Content starts

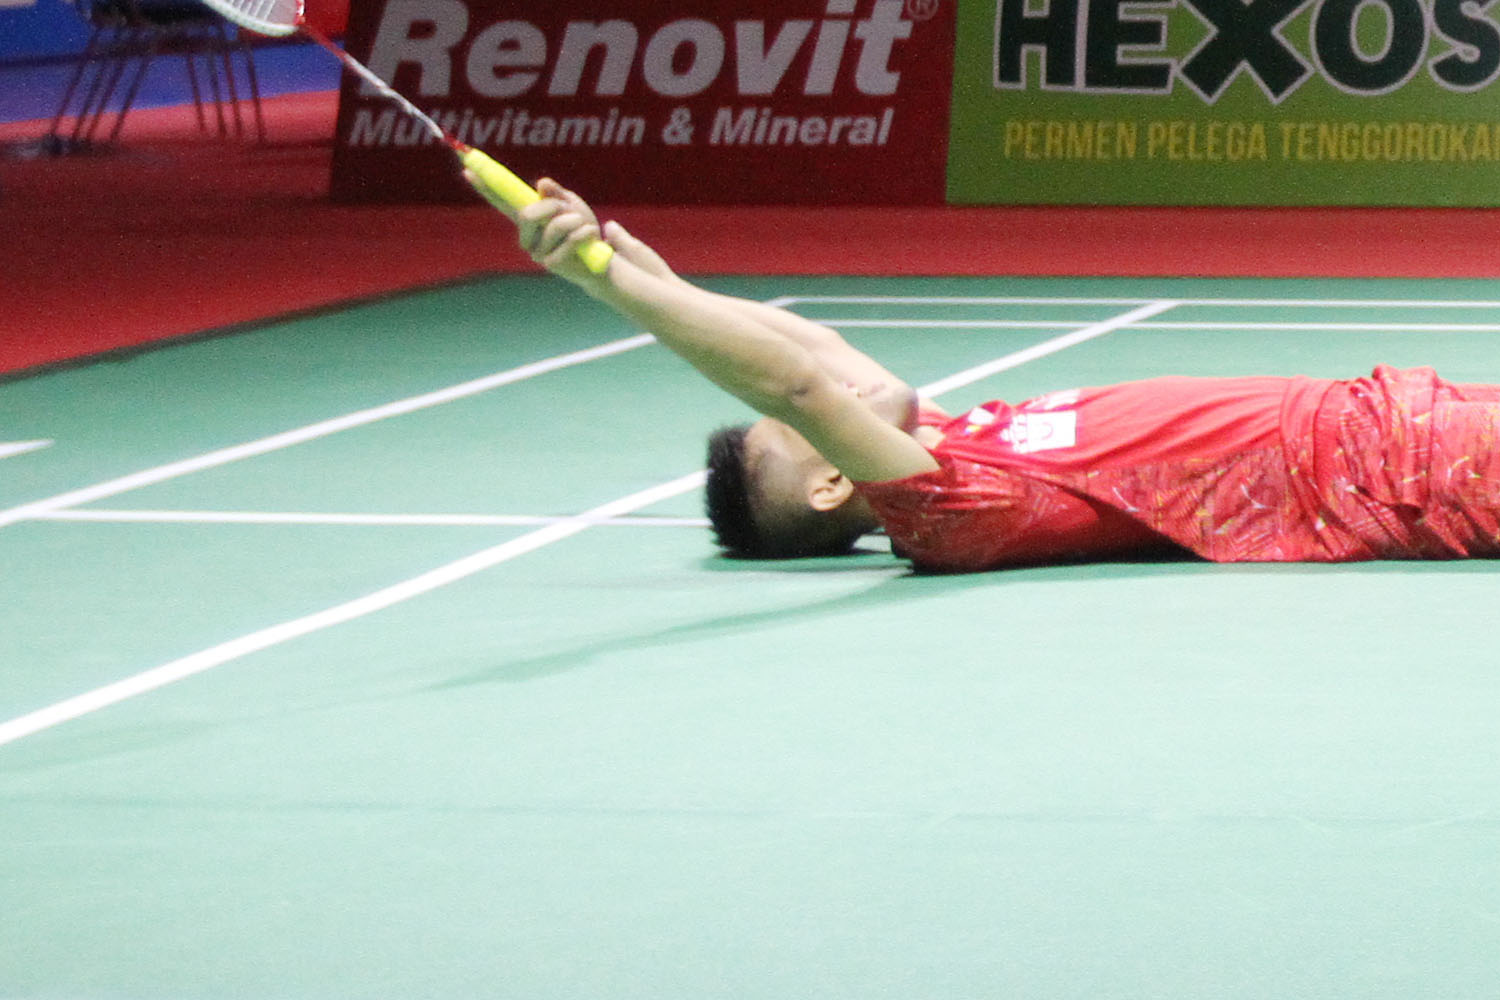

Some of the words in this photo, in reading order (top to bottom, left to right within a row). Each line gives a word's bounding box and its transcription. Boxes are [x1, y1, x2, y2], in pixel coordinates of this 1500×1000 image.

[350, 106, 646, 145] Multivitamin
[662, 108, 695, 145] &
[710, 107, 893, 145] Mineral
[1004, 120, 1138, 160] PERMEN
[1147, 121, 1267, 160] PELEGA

Content ends

Exercise: Leave out the pictures and repeat everything else in the records exactly.

Answer for the task:
Some of the words in this photo, in reading order (top to bottom, left to right within a row). Each line gives a word's bounding box and its transcription. Boxes are [x1, y1, x2, y2], in pixel coordinates of this 1500×1000 image.

[350, 106, 646, 145] Multivitamin
[662, 108, 695, 145] &
[710, 107, 893, 145] Mineral
[1004, 120, 1138, 160] PERMEN
[1147, 121, 1267, 160] PELEGA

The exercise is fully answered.